Many have wondered why London would seemingly cast aside a career rife with potential and fall into the oblivion of addiction, but Denizet-Lewis notes that addicts generally feel unworthy of their accomplishments, which leads to self-destruction. "If you don't believe you deserve what you have, you're going to go about systematically tearing it apart," he says.
While there is no conclusive evidence that London's abduction did not happen, addiction experts, as well as the actor's family, have publicly expressed doubts regarding the incident, saying addicts will often use a seemingly nonsensical story such as London's in an attempt to hide that they are using drugs or somehow shift the blame if they are caught.
The actor's twin brother, Jason, who is also an actor, tells PEOPLE that the family is concerned for Jeremy's well-being. "We love Jeremy, we only have his best interests at heart," Jason says. "We feel he needs serious psychological help and drug treatment as soon as possible."
Speaking to RadarOnline, Brandon Adams, a 26-year-old man arrested in connection to the alleged kidnapping, counters the actor's claims about the events of that evening. "We got drunk, and I hooked him up with some Ecstasy and Xanax, and we took a joyride and partied for hours," Adams says.
In addition, Radar reports that the actor and his ex-wife, Melissa, both undergo drug testing as part of an ongoing custody dispute over their 3-year-old son, Lyrik. (Melissa's mother currently has custody of the child.) Were he caught using, London could suffer serious consequences, including the long-term loss of custody of his young son.
According to Denizet-Lewis, "I understand how difficult it is for those who aren't severe addicts to understand how someone can throw away so many good things in the pursuit of a high, but the addict's brain has literally been hijacked.
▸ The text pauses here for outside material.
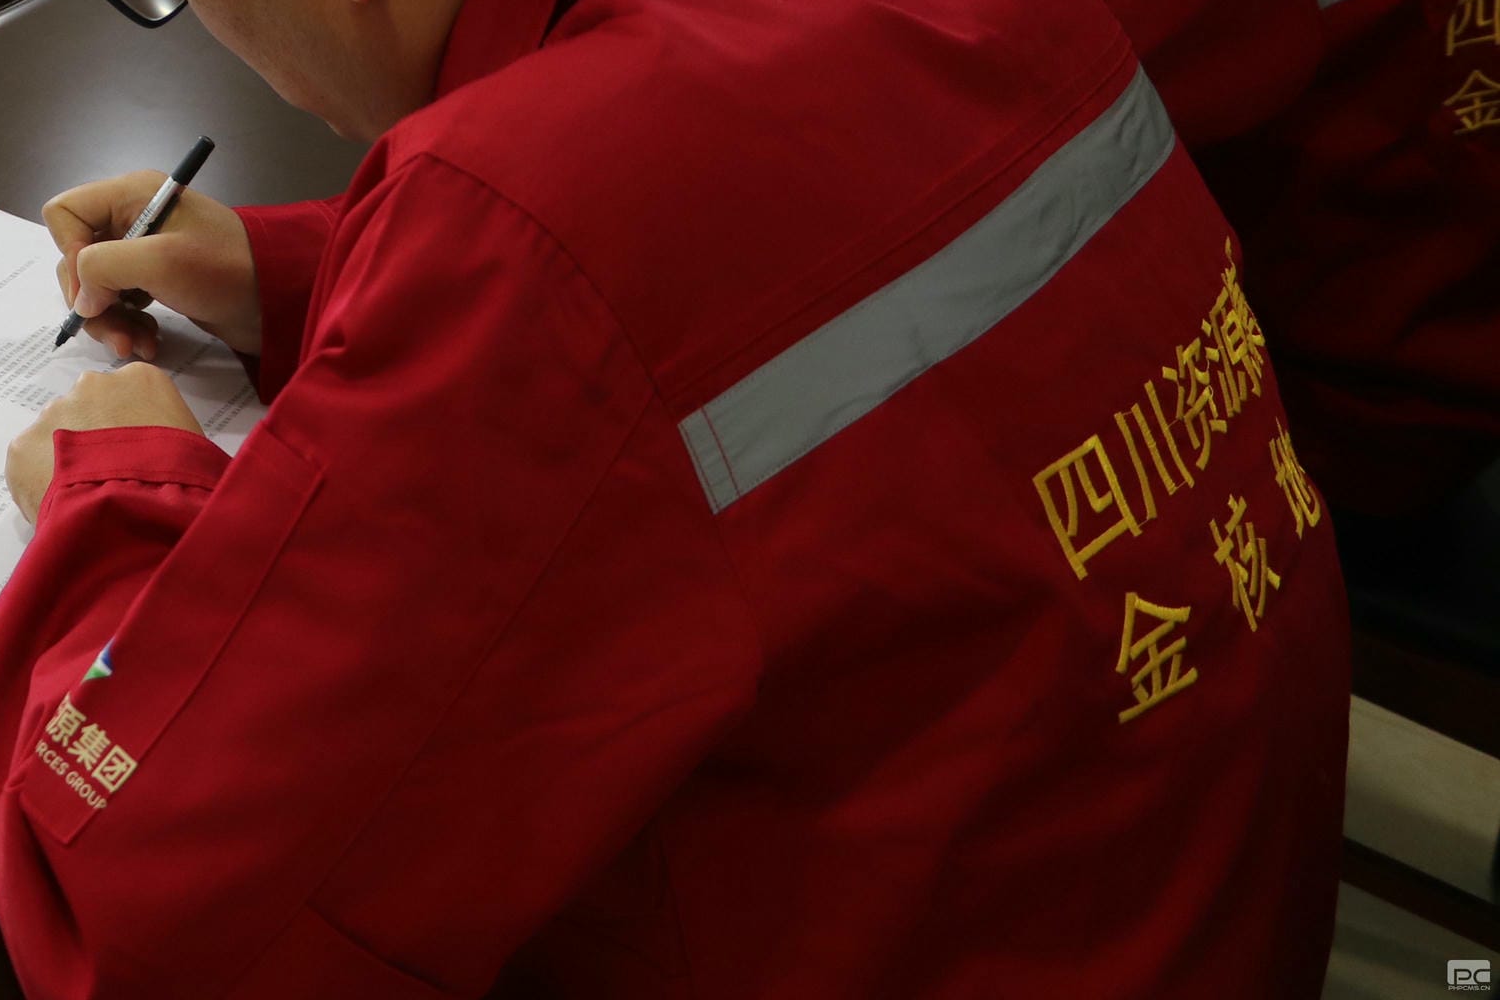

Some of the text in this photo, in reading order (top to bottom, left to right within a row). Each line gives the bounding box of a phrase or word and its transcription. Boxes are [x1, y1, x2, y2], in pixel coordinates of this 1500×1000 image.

[1443, 69, 1500, 135] 金
[35, 739, 108, 809] RCES GROUP
Nothing else matters. That's why someone like Jeremy London -- or the millions of other Americans who throw away their lives every day in the pursuit of their addiction -- can behave in a way that rationally makes no sense."
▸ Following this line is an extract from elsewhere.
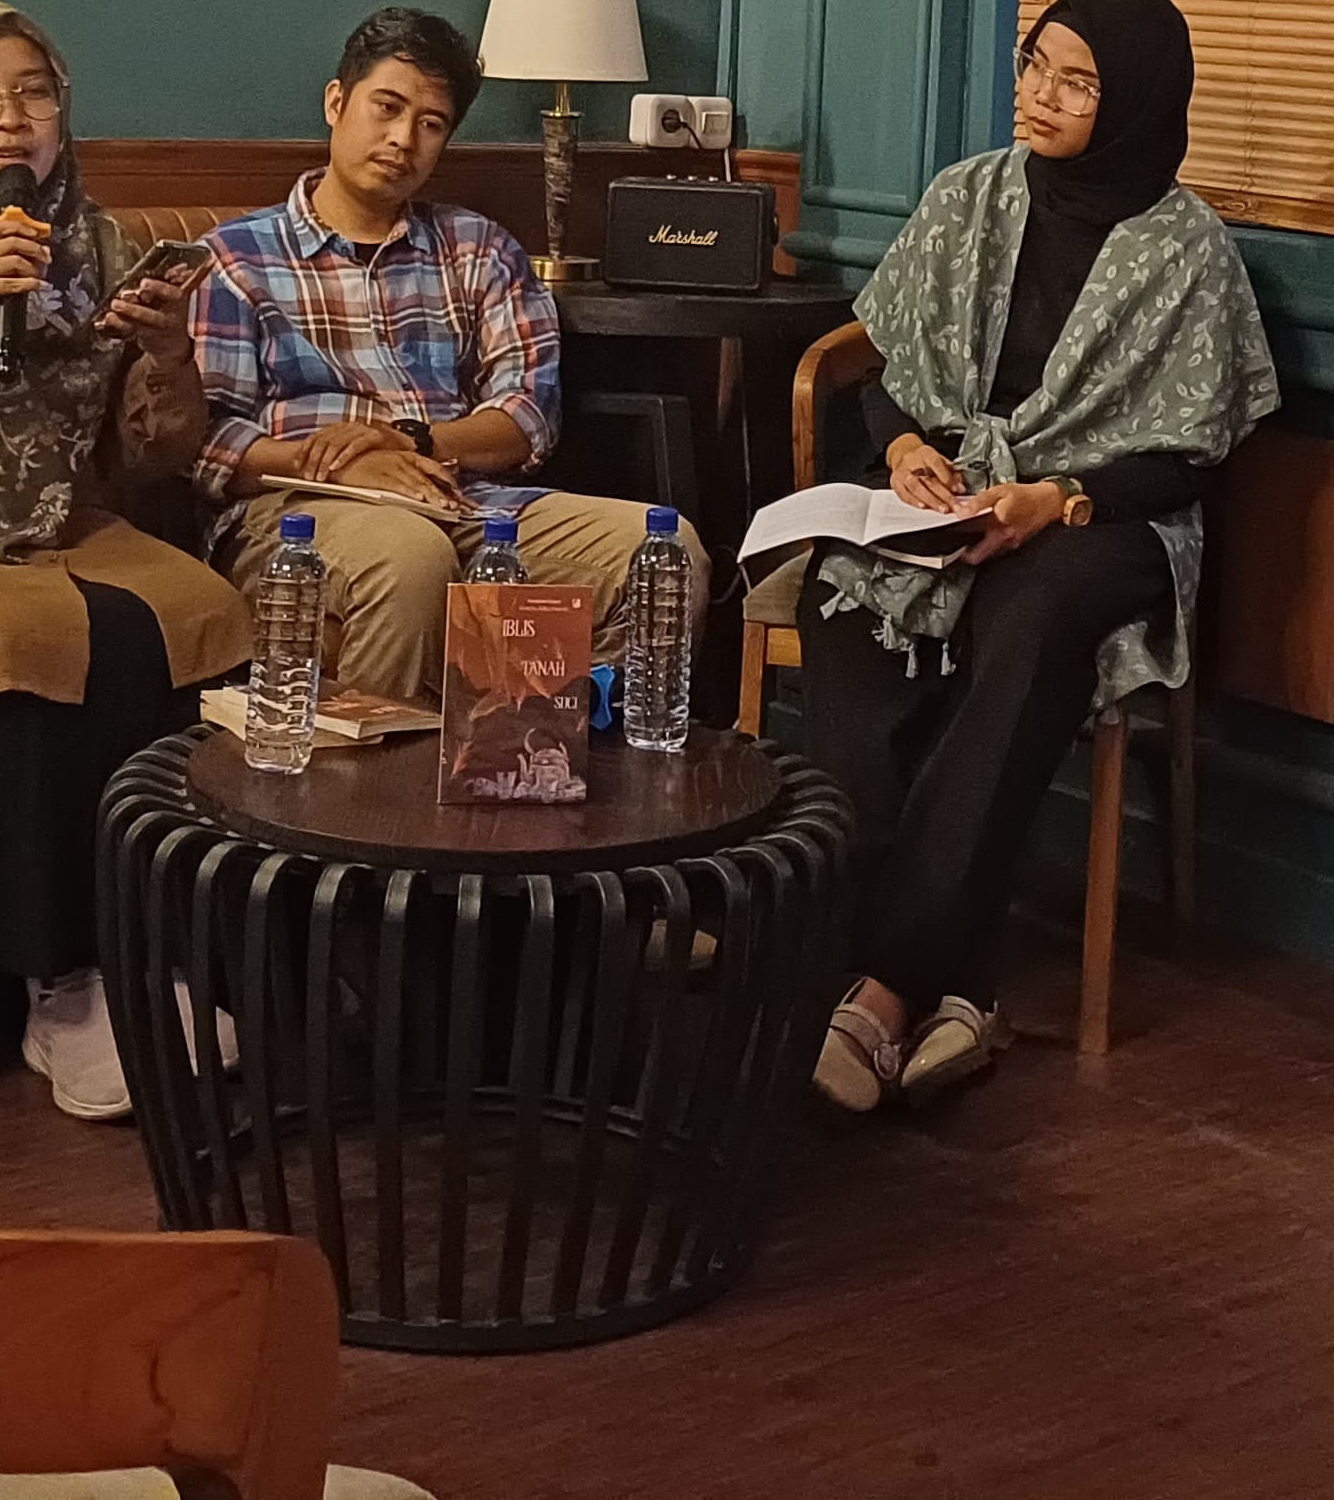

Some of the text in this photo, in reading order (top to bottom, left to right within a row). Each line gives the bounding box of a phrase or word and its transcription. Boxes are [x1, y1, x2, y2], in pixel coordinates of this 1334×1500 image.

[649, 225, 718, 246] Marshall
[502, 619, 536, 637] IBLIS
[521, 660, 565, 677] TANAH
[553, 696, 578, 710] SUCI
London recently asked a California court to issue an injunction to stop his mother, Deborah Nielson, his brother Jason and Jason's fiancée, Sofia Karstens, from speaking to the media, claiming their interviews have hurt his career and reputation and jeopardized the ongoing kidnapping case. For his part, Jason worries that his brother's current behavior is being influenced by drugs, telling PEOPLE, "The fact that he's lashing out against his own family and has shut us out is just one more sign of how sick he really is."
A judge rejected actor Jeremy London's request to bar his mother and twin brother from giving interviews about the actor after a brief hearing Thursday. Los Angeles Superior Court Judge Irving Shimer said the comments made by London's family were protected by the First Amendment right to free speech, and he would not prevent them from giving future interviews.